● **WORK REQUIRED**: Please return the data that follows precisely as written, but without the images.

● **RECORD EXCERPTS**:
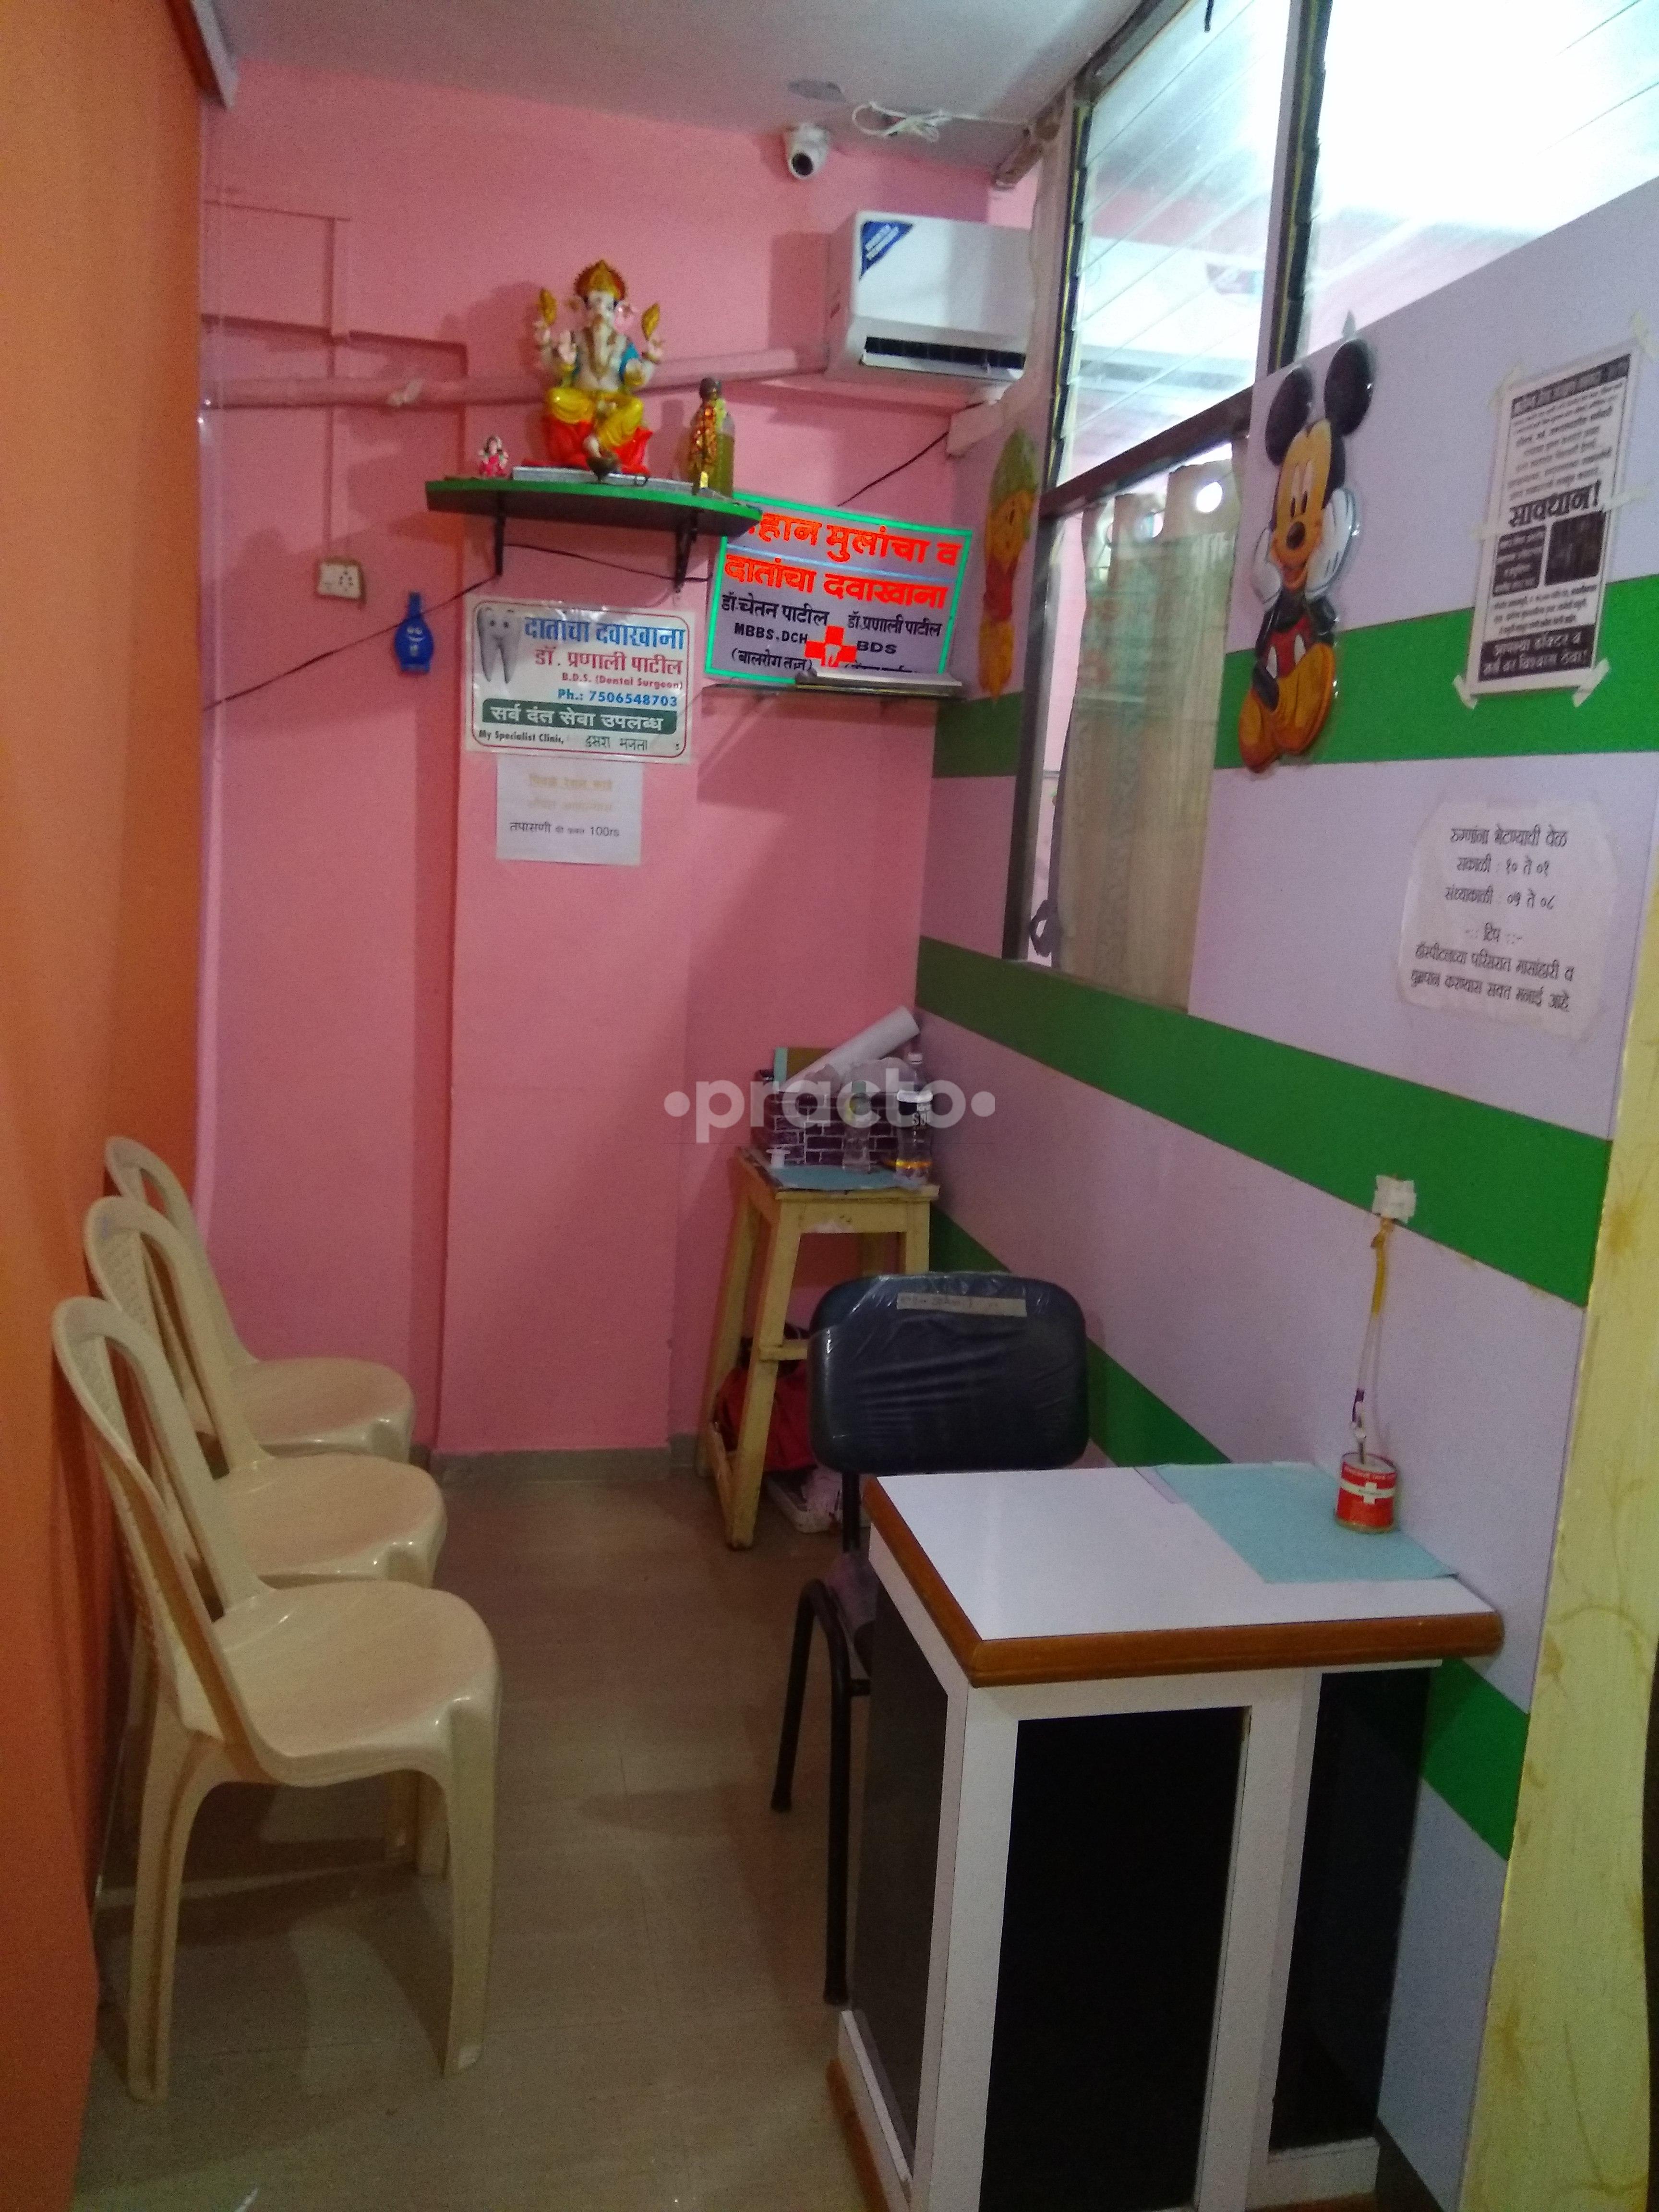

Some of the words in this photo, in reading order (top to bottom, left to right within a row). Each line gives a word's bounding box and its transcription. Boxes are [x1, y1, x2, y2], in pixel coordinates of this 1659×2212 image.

[748, 512, 822, 546] हान
[826, 524, 931, 565] मुलांचा
[937, 540, 963, 567] व
[724, 553, 817, 593] दातांचा
[824, 573, 949, 609] दवाखाना
[782, 602, 830, 626] पाटील
[596, 623, 685, 649] दवाखाना
[905, 617, 942, 637] पाटील
[857, 640, 898, 654] BDS
[568, 651, 626, 671] प्रणाली
[632, 654, 683, 675] पाटील
[562, 672, 591, 682] B.D.S.
[589, 690, 677, 707] 7506548703
[490, 706, 522, 722] सर्व
[526, 706, 554, 724] दंत
[559, 707, 596, 727] सेवा
[600, 713, 664, 731] उपलब्ध
[495, 731, 536, 743] Specialist
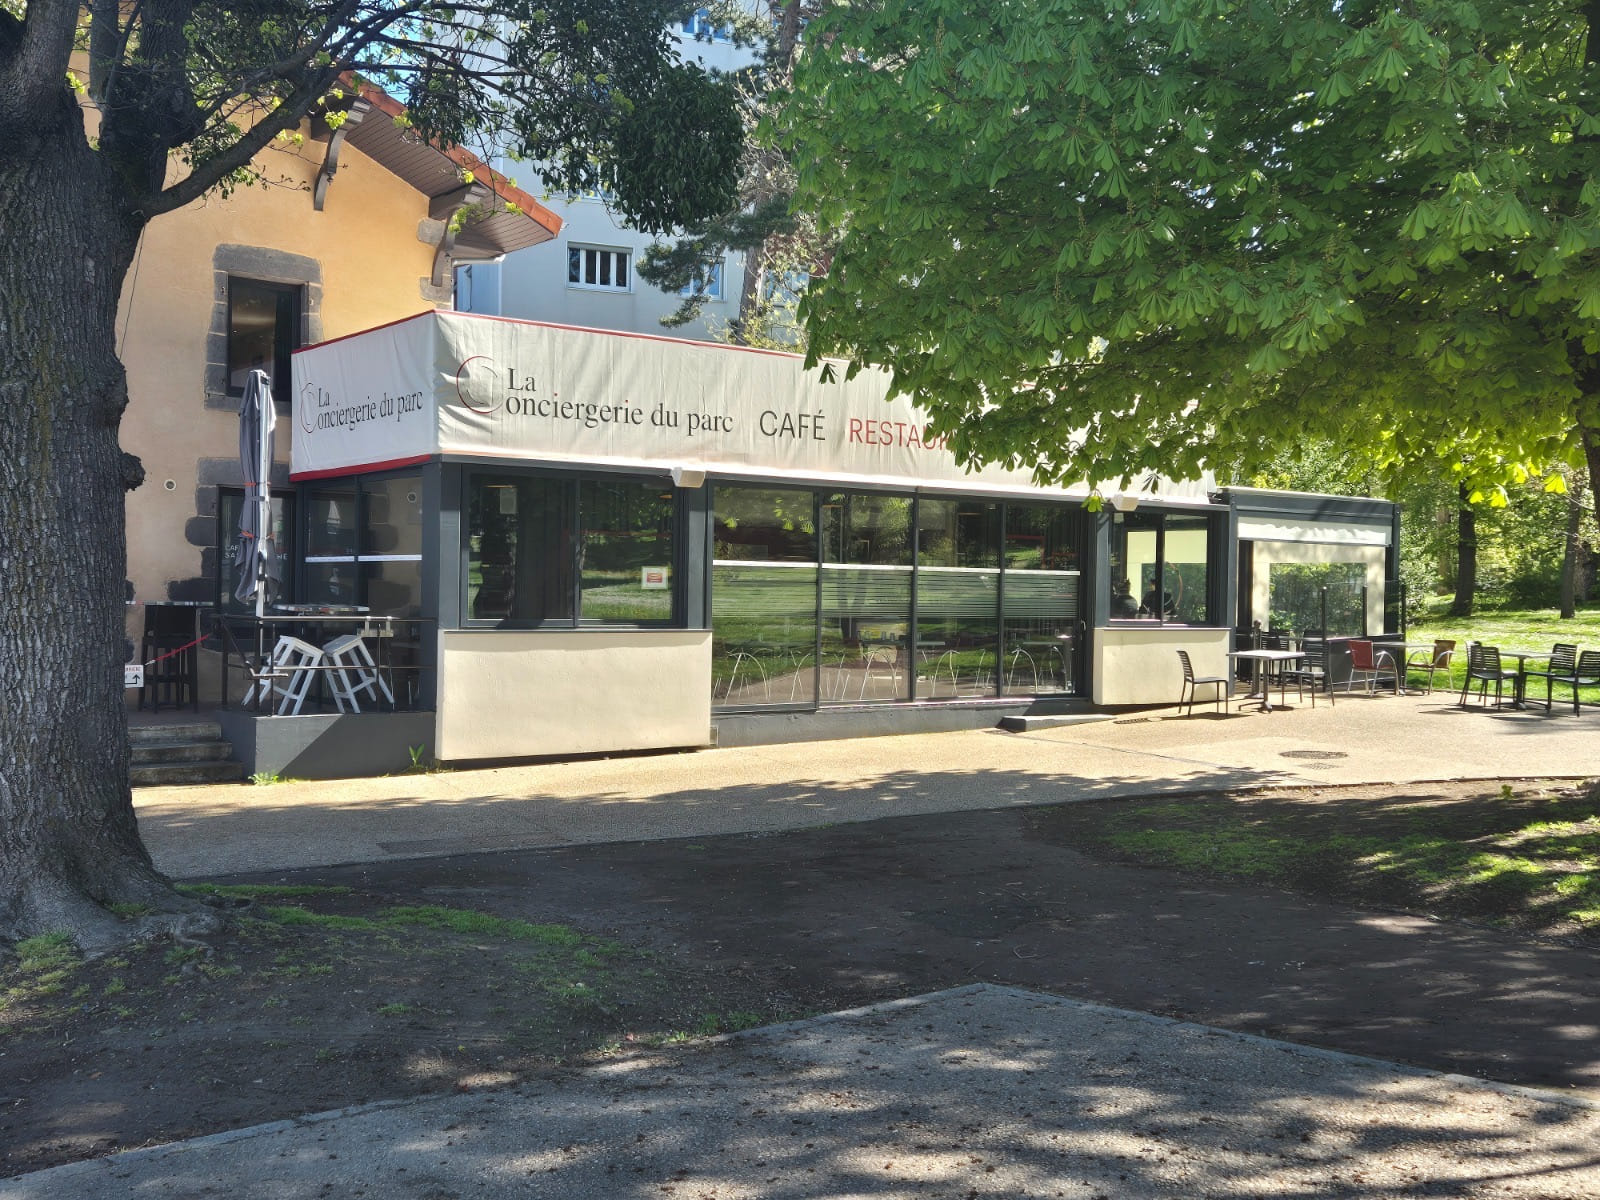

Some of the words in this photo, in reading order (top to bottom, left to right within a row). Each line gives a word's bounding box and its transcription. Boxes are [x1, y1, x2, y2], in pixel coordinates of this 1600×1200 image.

[507, 367, 537, 392] La
[318, 387, 330, 408] La
[379, 391, 394, 419] du
[397, 391, 423, 422] parc
[650, 402, 678, 428] du
[687, 411, 733, 436] parc
[759, 409, 826, 441] CAFÉ
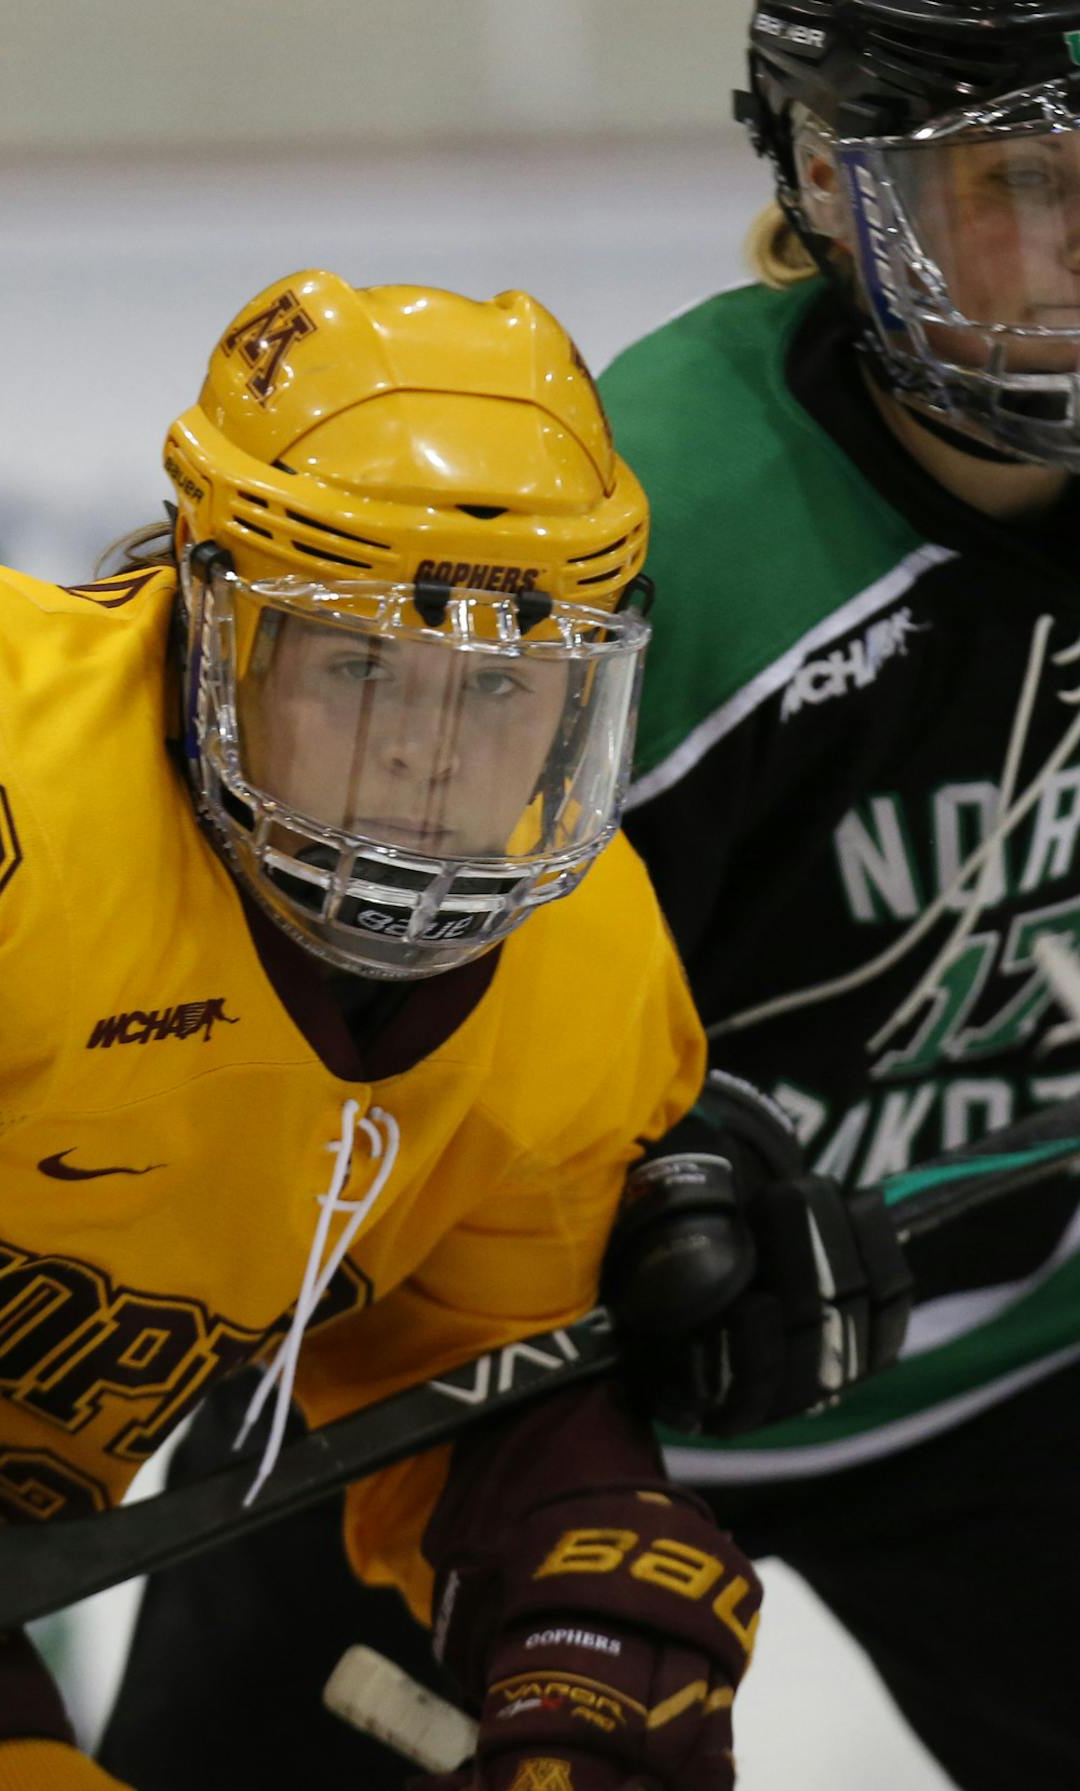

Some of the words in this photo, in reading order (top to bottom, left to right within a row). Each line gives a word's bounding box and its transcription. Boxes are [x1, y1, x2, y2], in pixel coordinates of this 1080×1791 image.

● **EXERCISE SOLUTION**:
Some of the words in this photo, in reading order (top to bottom, left to right within a row). Each line gives a word's bounding box and its transcription. Boxes are [x1, y1, x2, y2], in pixel coordinates of this 1659×2212 image.

[748, 512, 822, 546] हान
[826, 524, 931, 565] मुलांचा
[937, 540, 963, 567] व
[724, 553, 817, 593] दातांचा
[824, 573, 949, 609] दवाखाना
[782, 602, 830, 626] पाटील
[596, 623, 685, 649] दवाखाना
[905, 617, 942, 637] पाटील
[857, 640, 898, 654] BDS
[568, 651, 626, 671] प्रणाली
[632, 654, 683, 675] पाटील
[562, 672, 591, 682] B.D.S.
[589, 690, 677, 707] 7506548703
[490, 706, 522, 722] सर्व
[526, 706, 554, 724] दंत
[559, 707, 596, 727] सेवा
[600, 713, 664, 731] उपलब्ध
[495, 731, 536, 743] Specialist

Some of the words in this photo, in reading order (top to bottom, left to right within a row). Each line gives a word's bounding box and its transcription. Boxes are [x1, y1, x2, y2], in pixel coordinates of this 1600×1200 image.

[507, 367, 537, 392] La
[318, 387, 330, 408] La
[379, 391, 394, 419] du
[397, 391, 423, 422] parc
[650, 402, 678, 428] du
[687, 411, 733, 436] parc
[759, 409, 826, 441] CAFÉ

Some of the words in this photo, in reading order (top to bottom, left to right within a row). Each line gives a word's bounding box and its transcription. Boxes are [x1, y1, x2, y2], in pixel coordinates of this 1080×1791 image.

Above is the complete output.